Republicans on the committee have said they proceed to support law enforcement. Still, they said that tough questions remained for Attorney General Merrick B. Garland about his decision to take the daring step of ordering a search of the previous president’s home, and so they promised to carry the Justice Department accountable.

“Clearly, nobody is above the law,” Mr. Turner said on CNN’s “State of the Union.” “Donald Trump just isn’t above the law. And Attorney General Garland just isn’t above the law, either. And Congress has the powers of oversight. He must comply.”

Mr. Turner said he had not been convinced “whether or not this actually is assessed material and whether or not it rises to the extent of the best classified material,” despite the documents released by the court.

“I’d be very surprised if he has actual documents that rise to the extent of an instantaneous national security threat,” Mr. Turner said.

Two of the laws referred to within the search warrant, nevertheless, make the taking or concealment of presidency records a criminal offense no matter whether or not they are related to national security. The third, which bars the unauthorized retention of fabric with restricted national security information, applies whether or not the fabric is assessed.

The Republican leaders within the Senate and the House, Senator Mitch McConnell of Kentucky and Representative Kevin McCarthy of California, have also said that Mr. Garland needs to supply answers.

Mr. Garland, for his part, held a news conference on Thursday defending the way in which the Justice Department has handled the case.

“Upholding the rule of law means applying the law evenly, without fear or favor,” he said. “Under my watch that’s precisely what the Justice Department is doing.”

The White House, attempting to avoid the looks of partisan interference, has been reluctant to comment on the investigation. “We don’t interfere. We don’t get briefed,” Karine Jean-Pierre, the White House press secretary, said on ABC’s “This Week,” adding, “We’re going to let Merrick Garland speak for himself and his department.”

But other Democrats immediately seized on Republicans’ anti-law enforcement statements.

“I assumed within the old days the Republican Party used to face with law enforcement,” Senator Amy Klobuchar, Democrat of Minnesota, said on NBC’s “Meet the Press.” “And I hope a few of them do today because this type of rhetoric could be very dangerous to our country.”

She identified that when she reviews classified documents she must accomplish that in a secure room. “I can’t even wear my Fitbit,” she said.

Representatives Adam B. Schiff, Democrat of California and the chairman of the Intelligence Committee, and Carolyn B. Maloney, Democrat of Latest York and the chairwoman of the Oversight Committee, have called for the director of national intelligence to conduct an “immediate review and damage assessment” and supply a classified briefing to Congress in regards to the potential harm done to national security by Mr. Trump’s handling of documents.

“The undeniable fact that they were in an unsecure place that’s guarded with nothing greater than a padlock or whatever security they’d at a hotel is deeply alarming,” Mr. Schiff said on “Face the Nation.”

Senator Rob Portman of Ohio, the highest Republican on the Homeland Security Committee, called on his panel to scrutinize Mr. Garland’s actions.

“Never has a former president and potential political opponent to the sitting president been subject to such a search,” Mr. Portman said in an announcement. “The attorney general and the F.B.I. should now display unprecedented transparency and explain to the American people why they authorized the raid.”

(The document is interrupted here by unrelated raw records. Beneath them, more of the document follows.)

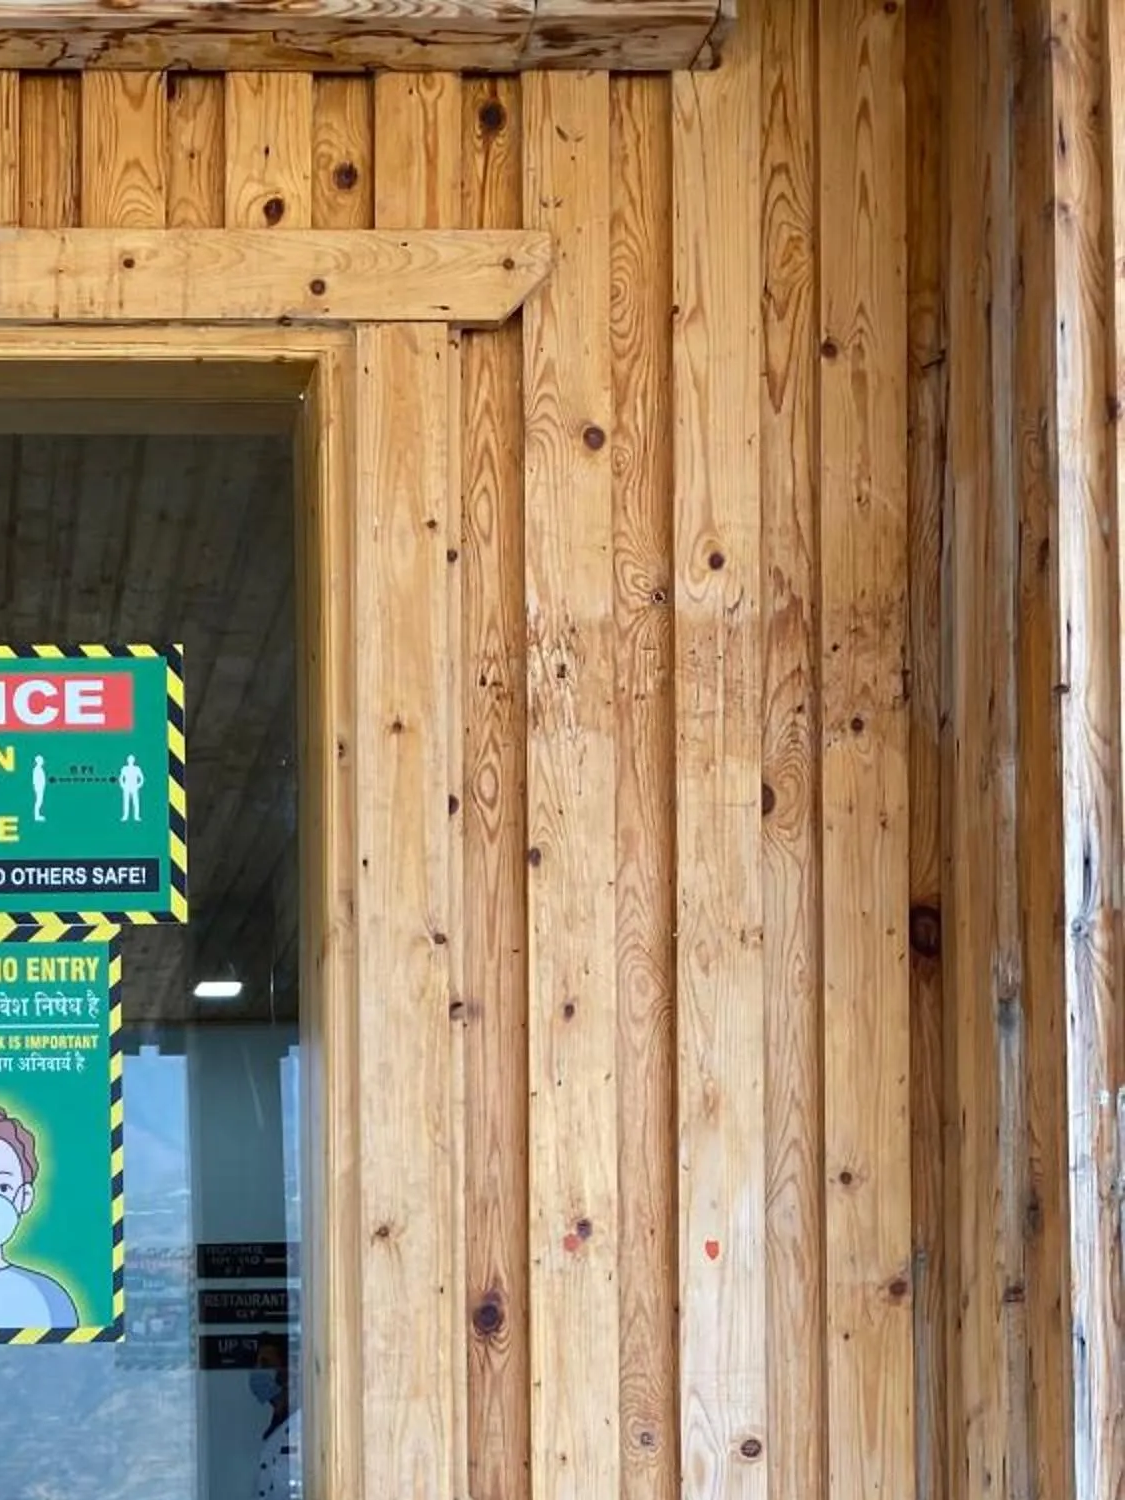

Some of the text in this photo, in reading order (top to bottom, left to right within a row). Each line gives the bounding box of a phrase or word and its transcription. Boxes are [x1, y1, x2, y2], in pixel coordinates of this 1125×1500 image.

[11, 867, 88, 885] OTHERS
[91, 867, 147, 885] SAFE!
[26, 956, 100, 983] ENTRY
[33, 990, 83, 1017] निषेध
[86, 988, 101, 1019] है
[8, 1035, 21, 1050] IS
[25, 1034, 99, 1050] IMPORTANT
[74, 1050, 86, 1073] है
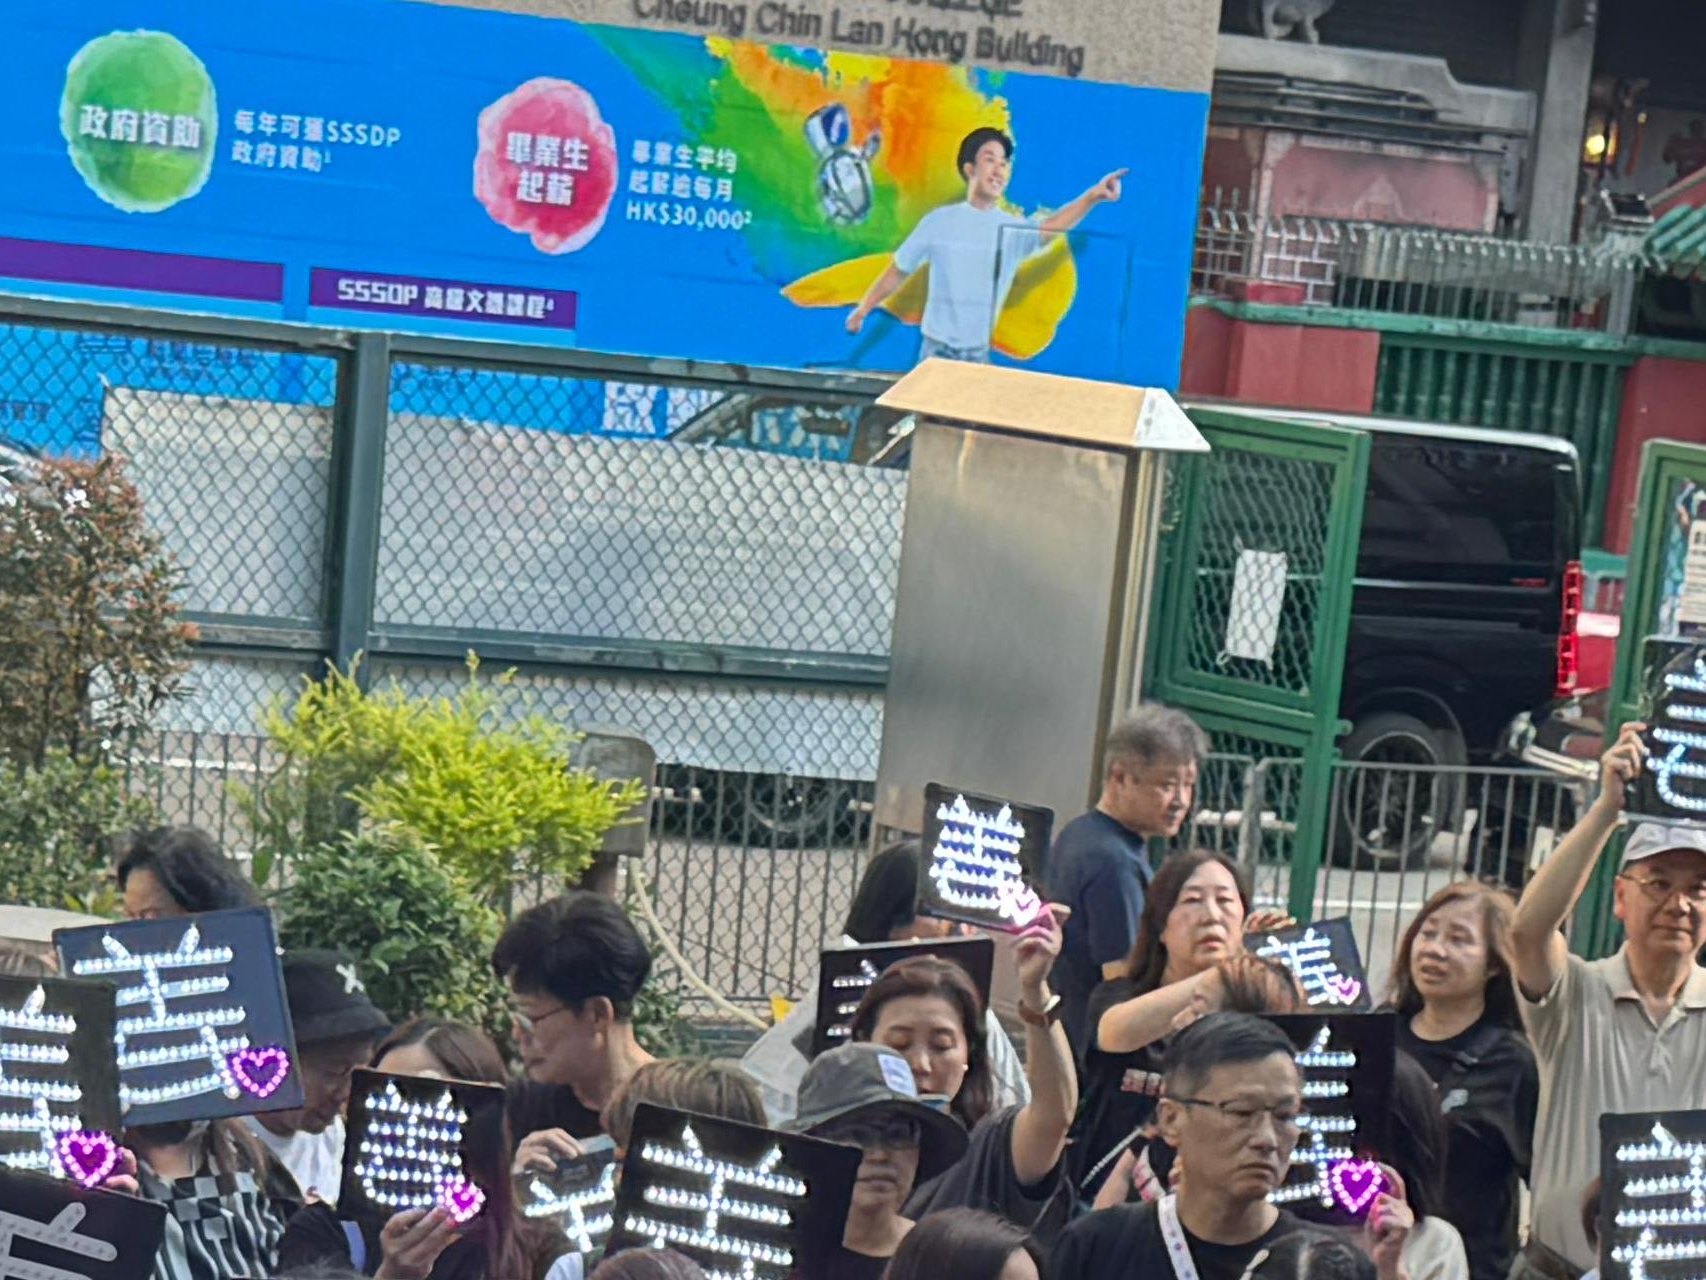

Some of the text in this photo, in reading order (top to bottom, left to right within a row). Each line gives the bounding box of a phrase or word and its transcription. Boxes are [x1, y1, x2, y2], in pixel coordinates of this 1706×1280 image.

Senator Mike Rounds, Republican of South Dakota, took an identical approach.

“I’m not one in every of the individuals on the market that claims that, you recognize, ‘Immediately attack the F.B.I. or the Justice Department,’” he said on “Meet the Press.”

“But,” he added, “I feel it’s very necessary long run for the Justice Department, now that they’ve done this, that they show that this was not only a fishing expedition.”

Zolan Kanno-Youngs contributed reporting.